_EXERCISE_
Images stay out; everything else in the records is to be set down exactly.

══ MATERIAL FOR THIS EXERCISE ══

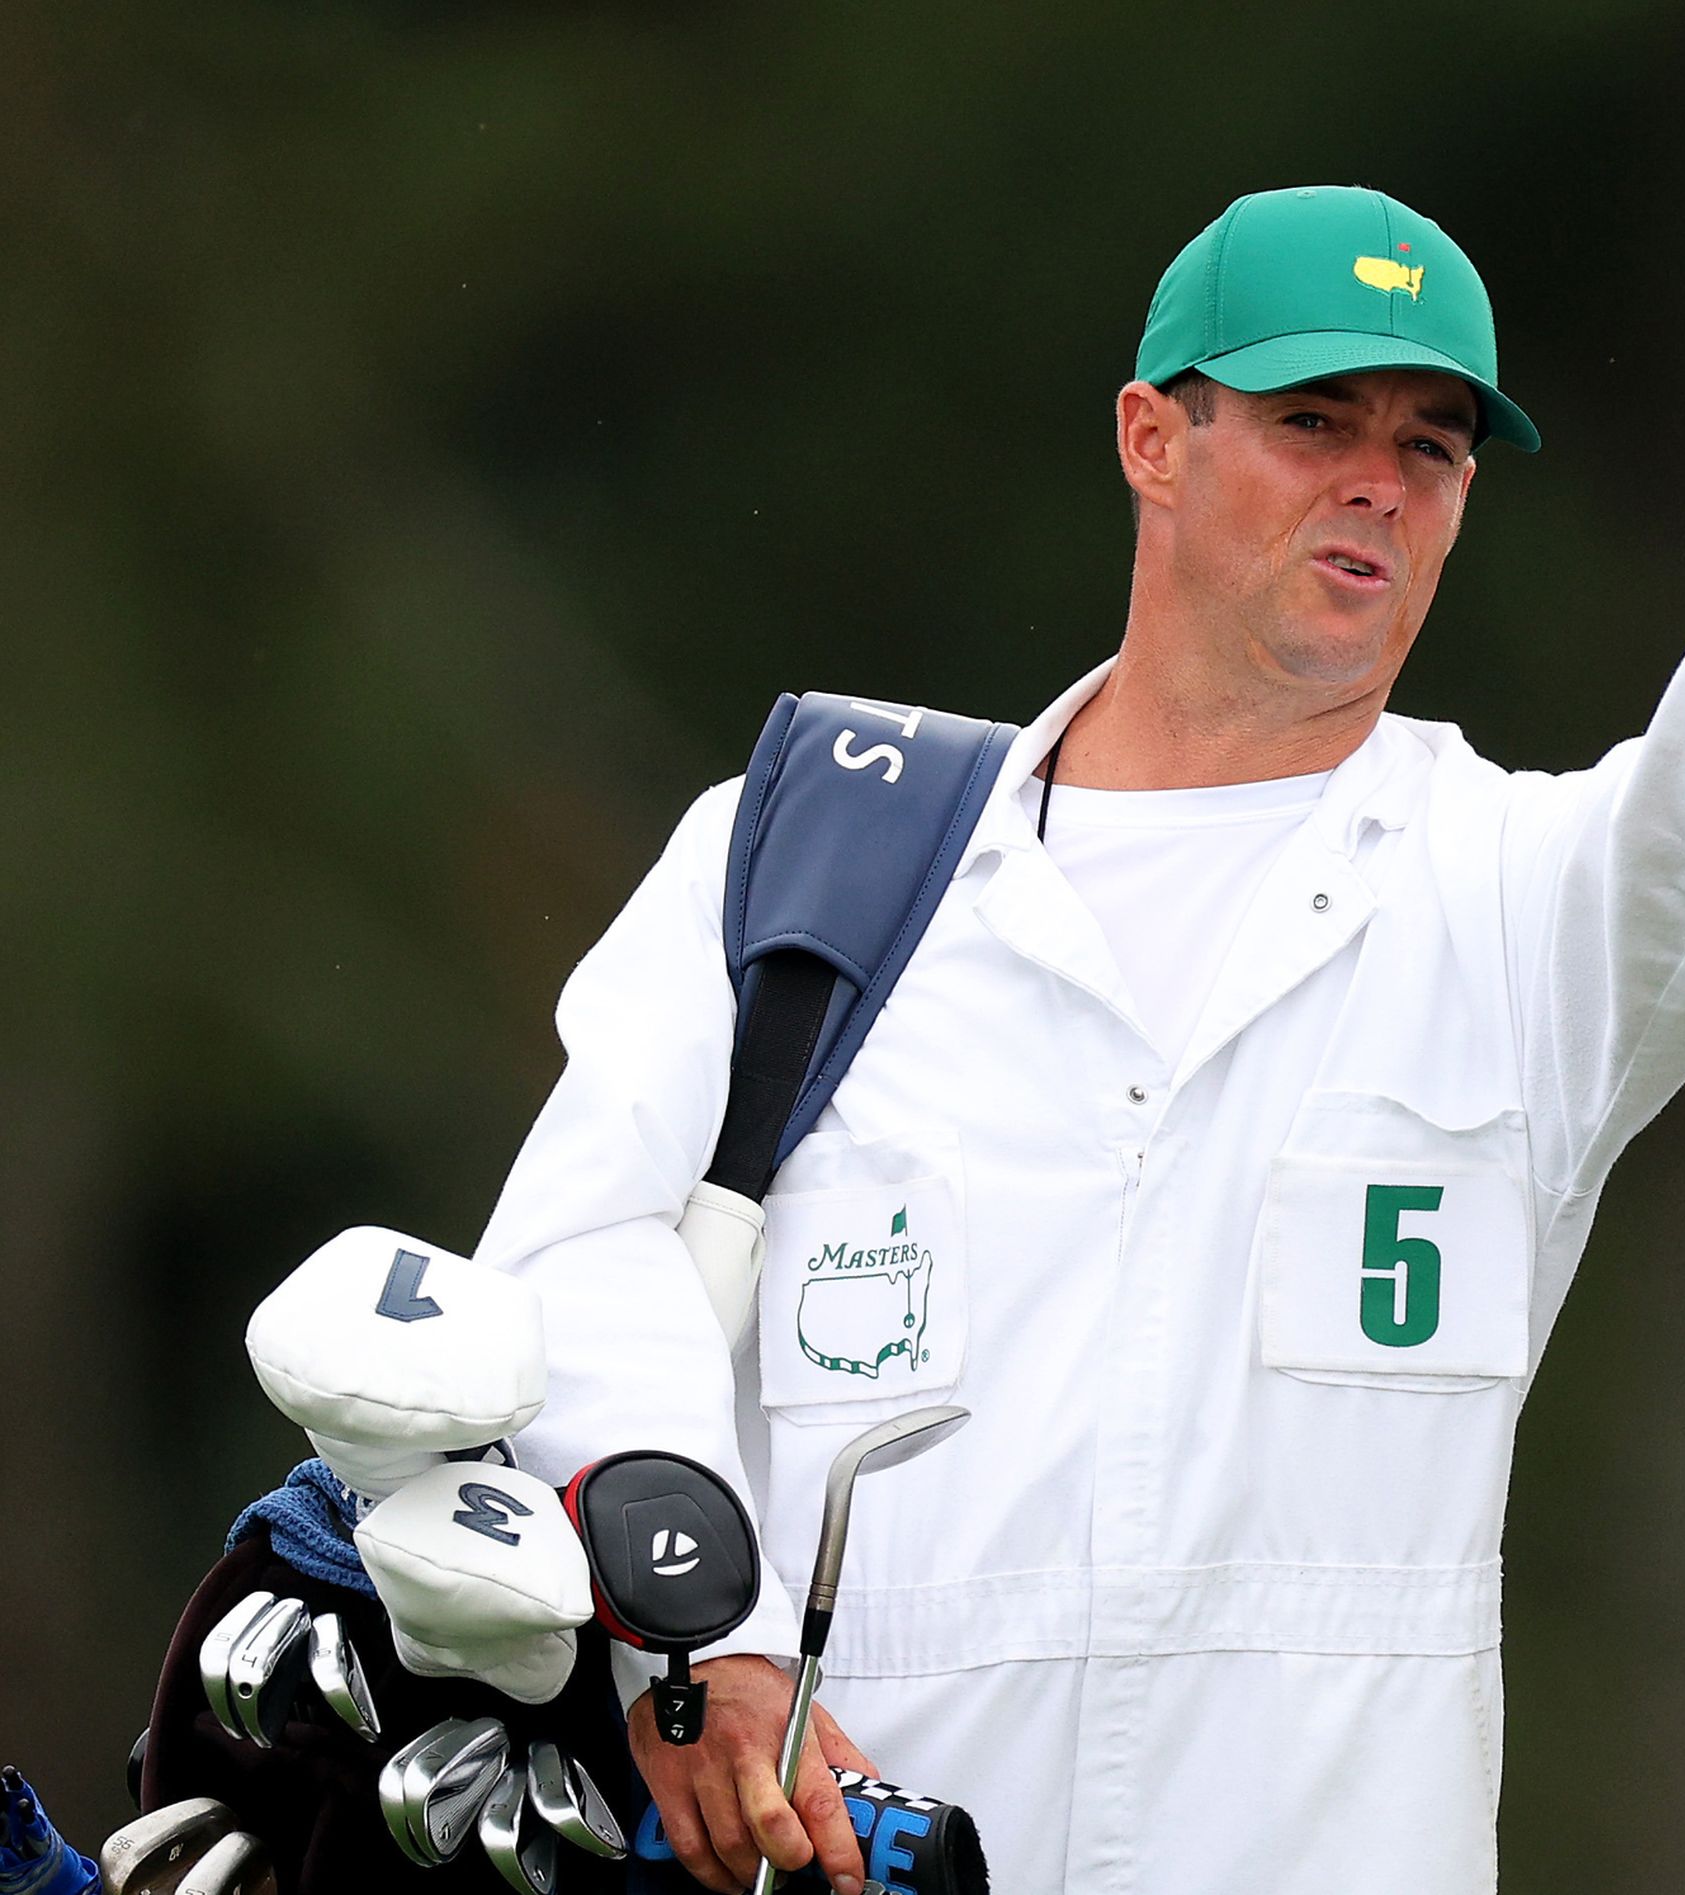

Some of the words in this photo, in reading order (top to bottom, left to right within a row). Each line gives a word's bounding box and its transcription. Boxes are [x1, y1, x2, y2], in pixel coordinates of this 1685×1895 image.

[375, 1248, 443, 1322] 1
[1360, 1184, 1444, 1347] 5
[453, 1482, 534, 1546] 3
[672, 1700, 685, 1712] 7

═══

_EXPECTED ANSWER_
Some of the words in this photo, in reading order (top to bottom, left to right within a row). Each line gives a word's bounding box and its transcription. Boxes are [x1, y1, x2, y2], in pixel coordinates of this 1685×1895 image.

[375, 1248, 443, 1322] 1
[1360, 1184, 1444, 1347] 5
[453, 1482, 534, 1546] 3
[672, 1700, 685, 1712] 7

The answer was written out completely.